If you don't control it you cannot trust it!¶

When I started blogging I knew that you could not depend on blogging websites to archive and preserve your documents. We had already seen cases of websites mangling content, shutting down without warning, and even worse, censoring bloggers. It was a classic case of, “If you don't control it you cannot trust it." I resolved to maintain complete off-line version controlled copies of my blog posts.

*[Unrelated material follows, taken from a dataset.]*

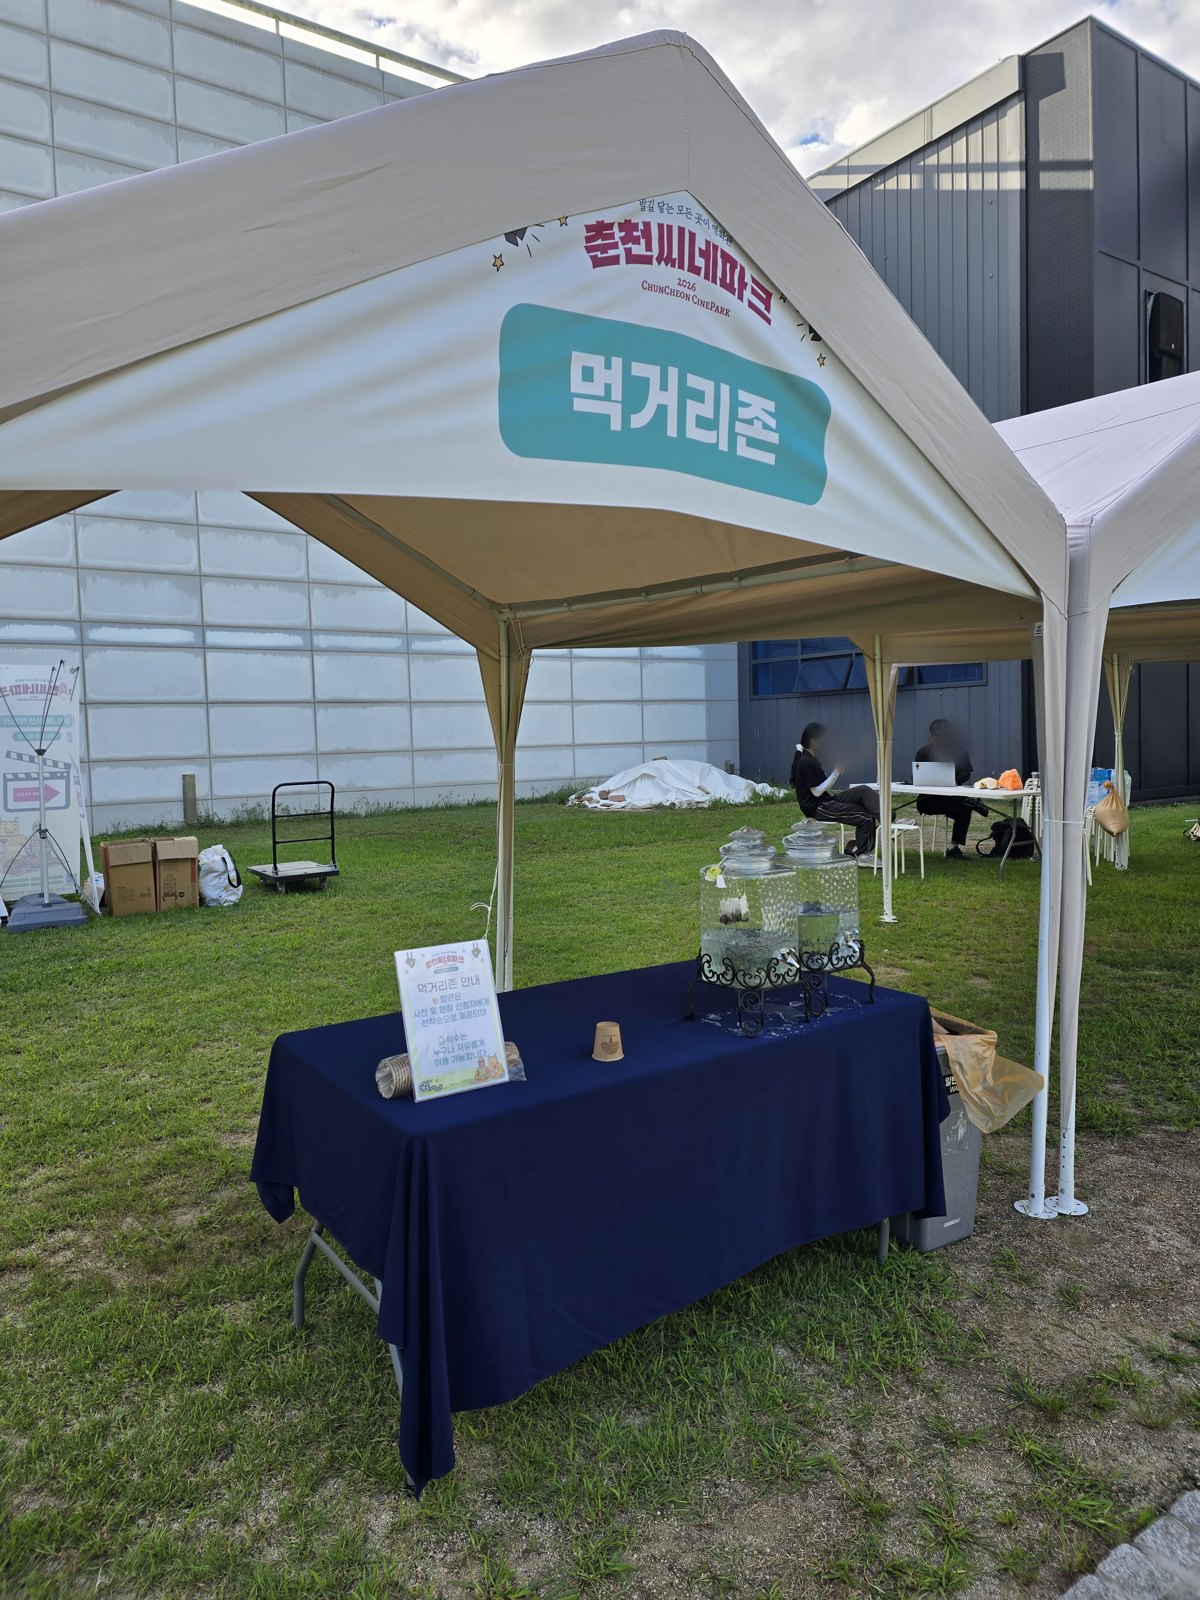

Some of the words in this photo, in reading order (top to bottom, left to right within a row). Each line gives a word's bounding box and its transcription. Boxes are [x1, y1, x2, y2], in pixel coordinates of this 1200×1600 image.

Maintaining off-line copies was made easier by WordPress.com's excellent blog export utility. A simple button push downloads a large XML file that contains all your blog posts with embedded references to images and other inclusions. XML is not my preferred archive format. I am a huge fan of LaTeX and Markdown: two text formats that are directly supported in Jupyter Notebooks. I wrote a little system that parses the WordPress XML file and generates LaTeX and Markdown files. Yet, despite milliblogging long before blogging, I don't have a similar system for downloading and archiving Smugmug metadata. This Jupyter notebook addresses this omission and shows how you can use Python and the Smugmug API to extract gallery and image metadata and store it in version controlled local directories as CSV files.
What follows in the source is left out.